OHDSI / Aphrodite

[in development]
Apache License 2.0
37 stars 15 forks source link

Anchor variables - APHRODITE #4

Closed SSMK-wq closed 3 years ago

SSMK-wq commented 4 years ago

Hi,

I was reading the APHRODITE package manual and its paper.

1) May I know how different is "Anchor variables" from "terms extracted from clinical narratives"?

Aren't these two the same?

And when it comes to OMOP CDM, Am I right to understand that "OMOP concepts" will be called 
as "Anchor Variables"?

2) Or is Anchor variables like questions which were asked to a patient? ex: "Do you think this patient has an infection?"

When we do retrospective analysis, I guess "Anchor variables" can't be questions but just occurrence of certain terms in patient medical records/EHR?

3) Can help me by providing ordinary layman term explanation on how the response for the above example question can/cannot be qualified as a "Anchor variable"? I guess Anchor variables has 2 property which has to be met. One is conditional independence and high PPV.

For conditional Independence the definition as extracted from the paper "Electronic medical record phenotyping using the anchor and learn framework"

"The second condition is conditional independence. This is a formal condition that requires that the patient’s phenotype is the best predictor of whether or not the anchor is present in the medical records and that no other data in the record would improve the prediction if the patient’s phenotype were already known."

ex: Let's say patient has T2DM phenotype. Anchor variable is "Type 2 diabetes Mellitus". Am not sure how to fit this example to the above definition (conditional independence)

Can help me with the above 3 questions please?

jmbanda commented 4 years ago

Hello,

Sure, my responses are inline:

1) May I know how different is "Anchor variables" from "terms extracted from clinical narratives"? Aren't these two the same?
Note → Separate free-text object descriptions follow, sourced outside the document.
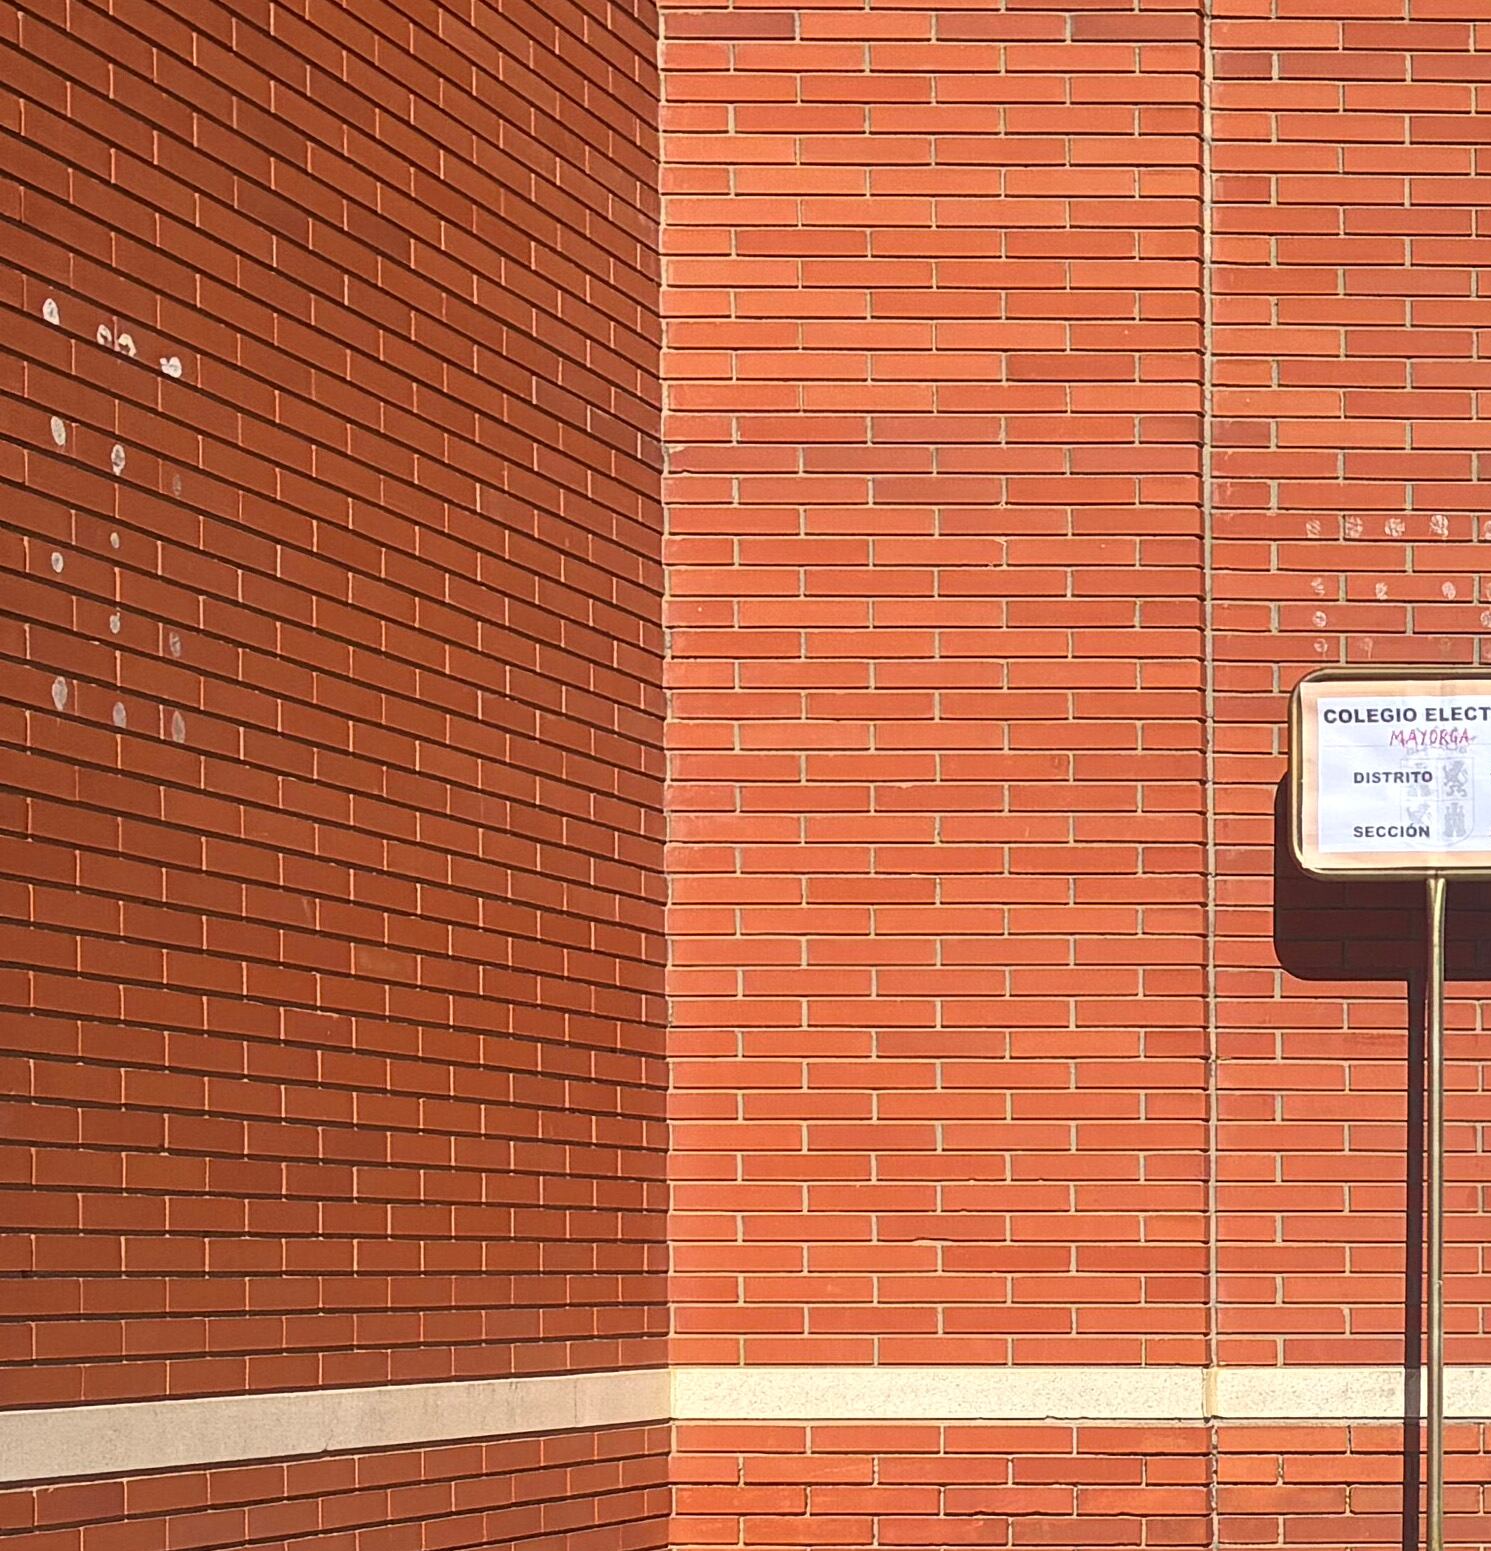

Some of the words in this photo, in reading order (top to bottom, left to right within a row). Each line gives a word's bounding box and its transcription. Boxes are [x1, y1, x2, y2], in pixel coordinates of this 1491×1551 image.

[1323, 707, 1417, 724] COLEGIO
[1389, 727, 1472, 747] MAYORGA
[1353, 770, 1433, 784] DISTRITO
[1353, 823, 1430, 838] SECCIÓN
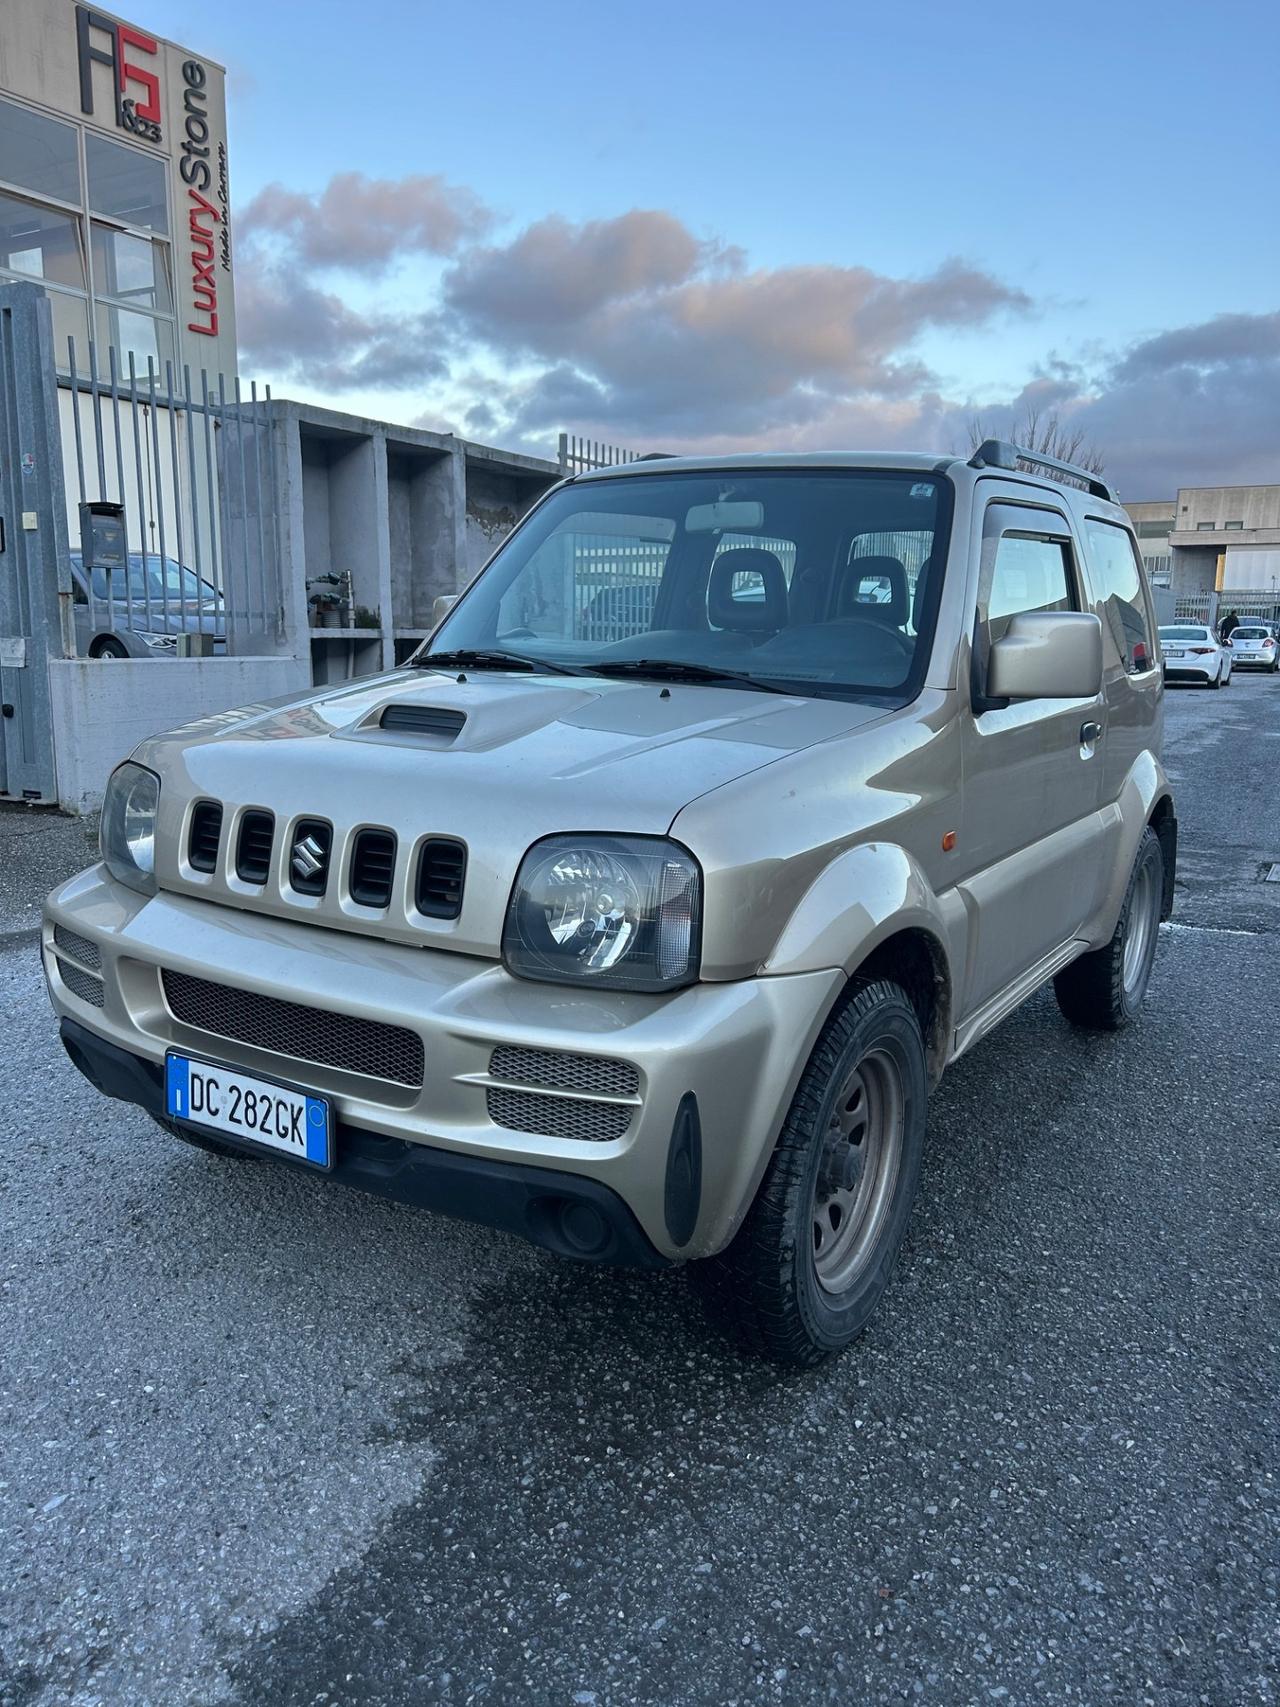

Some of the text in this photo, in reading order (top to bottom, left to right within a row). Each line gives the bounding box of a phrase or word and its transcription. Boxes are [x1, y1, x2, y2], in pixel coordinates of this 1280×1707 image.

[217, 140, 231, 272] Made in Carrara
[190, 1072, 304, 1146] DC 282GK
_They are not, as anchor variables can be concepts for conditions, procedures, labs, drugs, etc. That are not necessarily found on the NotesNLP table. This adds more flexibility to build phenotypes and allows people with no annotated clinical narrative to benefit from using this package.

And when it comes to OMOP CDM, Am I right to understand that "OMOP concepts" will be called as "Anchor Variables"?

Yes, exactly

2) Or is Anchor variables like questions which were asked to a patient? ex: "Do you think this patient has an infection?"

__Not necessarily, you can use terms commonly found in patient narratives (if you have a populated notenlp table) as Anchors. These terms might be 'strings of text' that are not necessarily captured in conditions, procedures, diagnosis, etc. codes, hence only available in annotated clinical narratives (AND and this is a big AND that they also appear in some form in the OHDSI vocabulary).

When we do retrospective analysis, I guess "Anchor variables" can't be questions but just occurrence of certain terms in patient medical records/EHR?

Can help me by providing ordinary layman term explanation on how the response for the above example question can/cannot be qualified as a "Anchor variable"? I guess Anchor variables has 2 property which has to be met. One is conditional independence and high PPV.

"The second condition is conditional independence. This is a formal condition that requires that the patient’s phenotype is the best predictor of whether or not the anchor is present in the medical records and that no other data in the record would improve the prediction if the patient’s phenotype were already known."

ex: Let's say patient has T2DM phenotype. Anchor variable is "Type 2 diabetes Mellitus". Am not sure how to fit this example to the above definition (conditional independence)

Ideally as an anchor you are looking for something that is highly indicative of the phenotype you want, for example for T2DM you want a mention or code of Type 2 diabetes Mellitus as you indicate. This anchor will allow you to fetch patients that are highly likely to have the phenotype and will allow you to identify additional features that from the group of patients come up as of great importance. However, you can also pick as an anchor a measurement of blood in the sugar and while you might get people with T2DM, you will plenty of false positives as well, thus not making it a very useful anchor.

Do let me know if this has cleared up some of the questions, or if it brings more to the table :)

SSMK-wq commented 4 years ago

Hi @jmbanda ,

Thanks for the response and your time. Few quick follow up questions

This anchor will allow you to fetch patients that are highly likely to have the phenotype and will allow you to identify additional features that from the group of patients come up as of great importance.

I understand that one of the property of Anchor variables is high PPV. But can you help me understand with a simple example on "Conditional Independence" property of Anchor Variable?

For ex: If I am looking for a code "Type 2 Diabetes Mellitus" in the patient records, I am able to get that this anchor variable might meet the "High PPV" property of Anchor variable. But I read in the paper that when you pick a Anchor variable, you have to make sure that it satisfies 2 conditions given below

a) High PPV b) Conditional Independence

In my example, I know that "Type 2 Diabetes Mellitus" will result in high PPV but how do I check for conditional independence? Though I read the definition of Conditional Independence in the paper, I couldn't really understand what it is.

So, can I kindly request you to help me with this in layman terms?